### [ASSIGNED TASK]
Present the following entries again, word for word and in full.

### [Phrase grounding data]

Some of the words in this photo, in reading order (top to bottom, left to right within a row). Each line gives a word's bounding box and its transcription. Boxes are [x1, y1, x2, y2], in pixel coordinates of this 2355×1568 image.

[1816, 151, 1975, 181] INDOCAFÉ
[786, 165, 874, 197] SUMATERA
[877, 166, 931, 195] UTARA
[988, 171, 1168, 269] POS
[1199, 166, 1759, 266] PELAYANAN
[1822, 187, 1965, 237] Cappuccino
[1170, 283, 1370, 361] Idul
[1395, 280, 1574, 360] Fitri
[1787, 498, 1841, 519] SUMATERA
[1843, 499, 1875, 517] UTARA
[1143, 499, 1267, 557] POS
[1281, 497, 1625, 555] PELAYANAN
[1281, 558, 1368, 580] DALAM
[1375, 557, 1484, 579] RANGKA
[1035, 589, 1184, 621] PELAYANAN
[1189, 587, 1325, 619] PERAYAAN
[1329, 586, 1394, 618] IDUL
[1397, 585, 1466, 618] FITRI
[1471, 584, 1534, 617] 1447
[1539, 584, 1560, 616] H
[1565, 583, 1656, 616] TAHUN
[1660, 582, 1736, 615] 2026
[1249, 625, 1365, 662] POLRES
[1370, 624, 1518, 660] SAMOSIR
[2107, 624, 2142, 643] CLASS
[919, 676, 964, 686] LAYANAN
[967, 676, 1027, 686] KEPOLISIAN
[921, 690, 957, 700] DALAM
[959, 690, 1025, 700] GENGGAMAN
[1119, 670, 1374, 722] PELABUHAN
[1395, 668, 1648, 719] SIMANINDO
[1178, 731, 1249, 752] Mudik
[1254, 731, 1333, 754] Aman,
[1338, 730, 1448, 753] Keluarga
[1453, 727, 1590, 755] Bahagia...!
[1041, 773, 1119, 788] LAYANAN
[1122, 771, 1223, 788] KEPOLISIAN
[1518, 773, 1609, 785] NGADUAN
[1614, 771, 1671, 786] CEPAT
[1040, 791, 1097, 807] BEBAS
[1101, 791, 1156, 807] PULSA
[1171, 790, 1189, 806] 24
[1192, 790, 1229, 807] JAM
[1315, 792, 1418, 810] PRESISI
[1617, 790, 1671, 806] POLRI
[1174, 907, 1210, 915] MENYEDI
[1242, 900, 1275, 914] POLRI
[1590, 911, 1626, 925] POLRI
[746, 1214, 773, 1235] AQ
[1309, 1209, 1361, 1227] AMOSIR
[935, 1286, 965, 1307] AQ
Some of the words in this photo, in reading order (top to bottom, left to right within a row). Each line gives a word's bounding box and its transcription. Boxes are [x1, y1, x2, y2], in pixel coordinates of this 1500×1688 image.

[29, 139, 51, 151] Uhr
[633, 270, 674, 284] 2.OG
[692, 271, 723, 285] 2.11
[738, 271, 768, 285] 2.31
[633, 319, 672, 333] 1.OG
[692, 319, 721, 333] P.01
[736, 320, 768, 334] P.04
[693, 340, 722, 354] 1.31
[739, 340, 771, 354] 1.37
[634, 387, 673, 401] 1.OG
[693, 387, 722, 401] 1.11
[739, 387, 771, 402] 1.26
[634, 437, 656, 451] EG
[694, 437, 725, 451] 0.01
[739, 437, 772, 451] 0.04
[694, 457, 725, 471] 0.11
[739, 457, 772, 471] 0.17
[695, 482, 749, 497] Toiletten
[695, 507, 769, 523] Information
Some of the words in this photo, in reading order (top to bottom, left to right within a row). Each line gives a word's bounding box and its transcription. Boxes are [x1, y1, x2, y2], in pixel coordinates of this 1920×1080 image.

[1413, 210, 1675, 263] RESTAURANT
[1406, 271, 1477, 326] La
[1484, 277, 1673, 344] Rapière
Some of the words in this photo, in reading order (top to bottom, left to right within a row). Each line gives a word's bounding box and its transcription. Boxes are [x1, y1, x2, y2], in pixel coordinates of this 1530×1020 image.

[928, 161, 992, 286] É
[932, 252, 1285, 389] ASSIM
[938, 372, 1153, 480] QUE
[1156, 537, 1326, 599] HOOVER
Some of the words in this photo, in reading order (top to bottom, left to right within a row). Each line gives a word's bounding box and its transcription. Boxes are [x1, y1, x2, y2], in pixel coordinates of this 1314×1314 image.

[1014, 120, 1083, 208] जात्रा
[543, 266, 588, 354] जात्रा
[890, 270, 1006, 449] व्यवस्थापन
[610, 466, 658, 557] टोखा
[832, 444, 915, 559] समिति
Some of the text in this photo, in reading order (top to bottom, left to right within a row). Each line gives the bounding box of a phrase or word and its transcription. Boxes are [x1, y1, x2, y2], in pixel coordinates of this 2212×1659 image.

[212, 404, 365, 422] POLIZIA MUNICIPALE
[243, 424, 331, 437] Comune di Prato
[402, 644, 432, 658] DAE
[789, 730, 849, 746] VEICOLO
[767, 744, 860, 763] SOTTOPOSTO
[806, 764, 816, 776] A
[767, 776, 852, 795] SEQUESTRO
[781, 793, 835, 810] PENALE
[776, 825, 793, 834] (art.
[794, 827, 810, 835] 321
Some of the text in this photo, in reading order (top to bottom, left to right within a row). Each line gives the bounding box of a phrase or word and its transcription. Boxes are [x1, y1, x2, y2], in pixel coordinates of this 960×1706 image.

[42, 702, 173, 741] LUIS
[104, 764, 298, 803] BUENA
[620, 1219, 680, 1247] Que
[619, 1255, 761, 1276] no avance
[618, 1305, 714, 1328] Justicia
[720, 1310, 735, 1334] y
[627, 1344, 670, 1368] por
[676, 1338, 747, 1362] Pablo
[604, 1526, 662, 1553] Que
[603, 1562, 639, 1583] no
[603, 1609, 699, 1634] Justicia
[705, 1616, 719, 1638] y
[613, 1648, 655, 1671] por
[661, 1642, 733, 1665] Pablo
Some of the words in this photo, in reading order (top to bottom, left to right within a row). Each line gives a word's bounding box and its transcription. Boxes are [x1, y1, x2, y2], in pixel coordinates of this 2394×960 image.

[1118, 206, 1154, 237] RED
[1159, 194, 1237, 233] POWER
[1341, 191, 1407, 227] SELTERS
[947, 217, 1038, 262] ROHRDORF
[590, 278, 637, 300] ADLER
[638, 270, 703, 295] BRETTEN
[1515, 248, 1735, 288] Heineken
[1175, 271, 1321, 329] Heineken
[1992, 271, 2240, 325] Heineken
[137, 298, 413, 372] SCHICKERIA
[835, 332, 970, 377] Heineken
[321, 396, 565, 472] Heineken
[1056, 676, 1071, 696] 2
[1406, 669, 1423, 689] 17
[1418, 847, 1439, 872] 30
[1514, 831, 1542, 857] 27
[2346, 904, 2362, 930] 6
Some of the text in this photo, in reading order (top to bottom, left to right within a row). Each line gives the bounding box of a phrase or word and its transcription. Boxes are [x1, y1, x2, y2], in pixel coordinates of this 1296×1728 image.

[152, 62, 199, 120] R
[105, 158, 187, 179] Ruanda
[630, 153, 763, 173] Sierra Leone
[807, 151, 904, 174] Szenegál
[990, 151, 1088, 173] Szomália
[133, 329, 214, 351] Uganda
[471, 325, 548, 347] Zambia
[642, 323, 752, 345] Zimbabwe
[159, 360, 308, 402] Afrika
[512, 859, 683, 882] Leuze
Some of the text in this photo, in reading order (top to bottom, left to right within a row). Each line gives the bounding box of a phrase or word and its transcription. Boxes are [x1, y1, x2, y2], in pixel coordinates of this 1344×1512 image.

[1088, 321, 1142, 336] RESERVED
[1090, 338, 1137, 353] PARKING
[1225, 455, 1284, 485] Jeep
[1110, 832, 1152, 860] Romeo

### [RESPONSE AREA]
Some of the words in this photo, in reading order (top to bottom, left to right within a row). Each line gives a word's bounding box and its transcription. Boxes are [x1, y1, x2, y2], in pixel coordinates of this 2355×1568 image.

[1816, 151, 1975, 181] INDOCAFÉ
[786, 165, 874, 197] SUMATERA
[877, 166, 931, 195] UTARA
[988, 171, 1168, 269] POS
[1199, 166, 1759, 266] PELAYANAN
[1822, 187, 1965, 237] Cappuccino
[1170, 283, 1370, 361] Idul
[1395, 280, 1574, 360] Fitri
[1787, 498, 1841, 519] SUMATERA
[1843, 499, 1875, 517] UTARA
[1143, 499, 1267, 557] POS
[1281, 497, 1625, 555] PELAYANAN
[1281, 558, 1368, 580] DALAM
[1375, 557, 1484, 579] RANGKA
[1035, 589, 1184, 621] PELAYANAN
[1189, 587, 1325, 619] PERAYAAN
[1329, 586, 1394, 618] IDUL
[1397, 585, 1466, 618] FITRI
[1471, 584, 1534, 617] 1447
[1539, 584, 1560, 616] H
[1565, 583, 1656, 616] TAHUN
[1660, 582, 1736, 615] 2026
[1249, 625, 1365, 662] POLRES
[1370, 624, 1518, 660] SAMOSIR
[2107, 624, 2142, 643] CLASS
[919, 676, 964, 686] LAYANAN
[967, 676, 1027, 686] KEPOLISIAN
[921, 690, 957, 700] DALAM
[959, 690, 1025, 700] GENGGAMAN
[1119, 670, 1374, 722] PELABUHAN
[1395, 668, 1648, 719] SIMANINDO
[1178, 731, 1249, 752] Mudik
[1254, 731, 1333, 754] Aman,
[1338, 730, 1448, 753] Keluarga
[1453, 727, 1590, 755] Bahagia...!
[1041, 773, 1119, 788] LAYANAN
[1122, 771, 1223, 788] KEPOLISIAN
[1518, 773, 1609, 785] NGADUAN
[1614, 771, 1671, 786] CEPAT
[1040, 791, 1097, 807] BEBAS
[1101, 791, 1156, 807] PULSA
[1171, 790, 1189, 806] 24
[1192, 790, 1229, 807] JAM
[1315, 792, 1418, 810] PRESISI
[1617, 790, 1671, 806] POLRI
[1174, 907, 1210, 915] MENYEDI
[1242, 900, 1275, 914] POLRI
[1590, 911, 1626, 925] POLRI
[746, 1214, 773, 1235] AQ
[1309, 1209, 1361, 1227] AMOSIR
[935, 1286, 965, 1307] AQ
Some of the words in this photo, in reading order (top to bottom, left to right within a row). Each line gives a word's bounding box and its transcription. Boxes are [x1, y1, x2, y2], in pixel coordinates of this 1500×1688 image.

[29, 139, 51, 151] Uhr
[633, 270, 674, 284] 2.OG
[692, 271, 723, 285] 2.11
[738, 271, 768, 285] 2.31
[633, 319, 672, 333] 1.OG
[692, 319, 721, 333] P.01
[736, 320, 768, 334] P.04
[693, 340, 722, 354] 1.31
[739, 340, 771, 354] 1.37
[634, 387, 673, 401] 1.OG
[693, 387, 722, 401] 1.11
[739, 387, 771, 402] 1.26
[634, 437, 656, 451] EG
[694, 437, 725, 451] 0.01
[739, 437, 772, 451] 0.04
[694, 457, 725, 471] 0.11
[739, 457, 772, 471] 0.17
[695, 482, 749, 497] Toiletten
[695, 507, 769, 523] Information
Some of the words in this photo, in reading order (top to bottom, left to right within a row). Each line gives a word's bounding box and its transcription. Boxes are [x1, y1, x2, y2], in pixel coordinates of this 1920×1080 image.

[1413, 210, 1675, 263] RESTAURANT
[1406, 271, 1477, 326] La
[1484, 277, 1673, 344] Rapière
Some of the words in this photo, in reading order (top to bottom, left to right within a row). Each line gives a word's bounding box and its transcription. Boxes are [x1, y1, x2, y2], in pixel coordinates of this 1530×1020 image.

[928, 161, 992, 286] É
[932, 252, 1285, 389] ASSIM
[938, 372, 1153, 480] QUE
[1156, 537, 1326, 599] HOOVER
Some of the words in this photo, in reading order (top to bottom, left to right within a row). Each line gives a word's bounding box and its transcription. Boxes are [x1, y1, x2, y2], in pixel coordinates of this 1314×1314 image.

[1014, 120, 1083, 208] जात्रा
[543, 266, 588, 354] जात्रा
[890, 270, 1006, 449] व्यवस्थापन
[610, 466, 658, 557] टोखा
[832, 444, 915, 559] समिति
Some of the text in this photo, in reading order (top to bottom, left to right within a row). Each line gives the bounding box of a phrase or word and its transcription. Boxes are [x1, y1, x2, y2], in pixel coordinates of this 2212×1659 image.

[212, 404, 365, 422] POLIZIA MUNICIPALE
[243, 424, 331, 437] Comune di Prato
[402, 644, 432, 658] DAE
[789, 730, 849, 746] VEICOLO
[767, 744, 860, 763] SOTTOPOSTO
[806, 764, 816, 776] A
[767, 776, 852, 795] SEQUESTRO
[781, 793, 835, 810] PENALE
[776, 825, 793, 834] (art.
[794, 827, 810, 835] 321
Some of the text in this photo, in reading order (top to bottom, left to right within a row). Each line gives the bounding box of a phrase or word and its transcription. Boxes are [x1, y1, x2, y2], in pixel coordinates of this 960×1706 image.

[42, 702, 173, 741] LUIS
[104, 764, 298, 803] BUENA
[620, 1219, 680, 1247] Que
[619, 1255, 761, 1276] no avance
[618, 1305, 714, 1328] Justicia
[720, 1310, 735, 1334] y
[627, 1344, 670, 1368] por
[676, 1338, 747, 1362] Pablo
[604, 1526, 662, 1553] Que
[603, 1562, 639, 1583] no
[603, 1609, 699, 1634] Justicia
[705, 1616, 719, 1638] y
[613, 1648, 655, 1671] por
[661, 1642, 733, 1665] Pablo
Some of the words in this photo, in reading order (top to bottom, left to right within a row). Each line gives a word's bounding box and its transcription. Boxes are [x1, y1, x2, y2], in pixel coordinates of this 2394×960 image.

[1118, 206, 1154, 237] RED
[1159, 194, 1237, 233] POWER
[1341, 191, 1407, 227] SELTERS
[947, 217, 1038, 262] ROHRDORF
[590, 278, 637, 300] ADLER
[638, 270, 703, 295] BRETTEN
[1515, 248, 1735, 288] Heineken
[1175, 271, 1321, 329] Heineken
[1992, 271, 2240, 325] Heineken
[137, 298, 413, 372] SCHICKERIA
[835, 332, 970, 377] Heineken
[321, 396, 565, 472] Heineken
[1056, 676, 1071, 696] 2
[1406, 669, 1423, 689] 17
[1418, 847, 1439, 872] 30
[1514, 831, 1542, 857] 27
[2346, 904, 2362, 930] 6
Some of the text in this photo, in reading order (top to bottom, left to right within a row). Each line gives the bounding box of a phrase or word and its transcription. Boxes are [x1, y1, x2, y2], in pixel coordinates of this 1296×1728 image.

[152, 62, 199, 120] R
[105, 158, 187, 179] Ruanda
[630, 153, 763, 173] Sierra Leone
[807, 151, 904, 174] Szenegál
[990, 151, 1088, 173] Szomália
[133, 329, 214, 351] Uganda
[471, 325, 548, 347] Zambia
[642, 323, 752, 345] Zimbabwe
[159, 360, 308, 402] Afrika
[512, 859, 683, 882] Leuze
Some of the text in this photo, in reading order (top to bottom, left to right within a row). Each line gives the bounding box of a phrase or word and its transcription. Boxes are [x1, y1, x2, y2], in pixel coordinates of this 1344×1512 image.

[1088, 321, 1142, 336] RESERVED
[1090, 338, 1137, 353] PARKING
[1225, 455, 1284, 485] Jeep
[1110, 832, 1152, 860] Romeo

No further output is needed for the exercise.